RECORDS FOR THIS TASK Start Marker

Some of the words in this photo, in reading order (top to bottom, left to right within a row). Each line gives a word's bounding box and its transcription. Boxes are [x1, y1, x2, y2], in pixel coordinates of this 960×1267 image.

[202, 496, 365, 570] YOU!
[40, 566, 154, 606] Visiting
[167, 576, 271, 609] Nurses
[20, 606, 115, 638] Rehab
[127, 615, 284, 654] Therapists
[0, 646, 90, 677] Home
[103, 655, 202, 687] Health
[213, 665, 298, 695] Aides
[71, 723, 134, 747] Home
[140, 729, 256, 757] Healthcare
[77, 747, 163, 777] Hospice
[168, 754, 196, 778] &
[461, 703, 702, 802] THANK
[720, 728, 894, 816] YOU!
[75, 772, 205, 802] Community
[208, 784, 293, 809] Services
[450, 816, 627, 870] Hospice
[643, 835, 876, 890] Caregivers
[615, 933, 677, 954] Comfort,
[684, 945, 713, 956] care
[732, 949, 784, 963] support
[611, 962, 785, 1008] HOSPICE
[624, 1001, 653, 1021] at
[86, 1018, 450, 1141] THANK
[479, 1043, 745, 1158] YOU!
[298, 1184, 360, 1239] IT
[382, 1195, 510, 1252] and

RECORDS FOR THIS TASK End Marker

* _WHAT YOU HAVE TO DO_
The records above are to be returned exactly as they appear.

* _FINISHED TASK_
Some of the words in this photo, in reading order (top to bottom, left to right within a row). Each line gives a word's bounding box and its transcription. Boxes are [x1, y1, x2, y2], in pixel coordinates of this 960×1267 image.

[202, 496, 365, 570] YOU!
[40, 566, 154, 606] Visiting
[167, 576, 271, 609] Nurses
[20, 606, 115, 638] Rehab
[127, 615, 284, 654] Therapists
[0, 646, 90, 677] Home
[103, 655, 202, 687] Health
[213, 665, 298, 695] Aides
[71, 723, 134, 747] Home
[140, 729, 256, 757] Healthcare
[77, 747, 163, 777] Hospice
[168, 754, 196, 778] &
[461, 703, 702, 802] THANK
[720, 728, 894, 816] YOU!
[75, 772, 205, 802] Community
[208, 784, 293, 809] Services
[450, 816, 627, 870] Hospice
[643, 835, 876, 890] Caregivers
[615, 933, 677, 954] Comfort,
[684, 945, 713, 956] care
[732, 949, 784, 963] support
[611, 962, 785, 1008] HOSPICE
[624, 1001, 653, 1021] at
[86, 1018, 450, 1141] THANK
[479, 1043, 745, 1158] YOU!
[298, 1184, 360, 1239] IT
[382, 1195, 510, 1252] and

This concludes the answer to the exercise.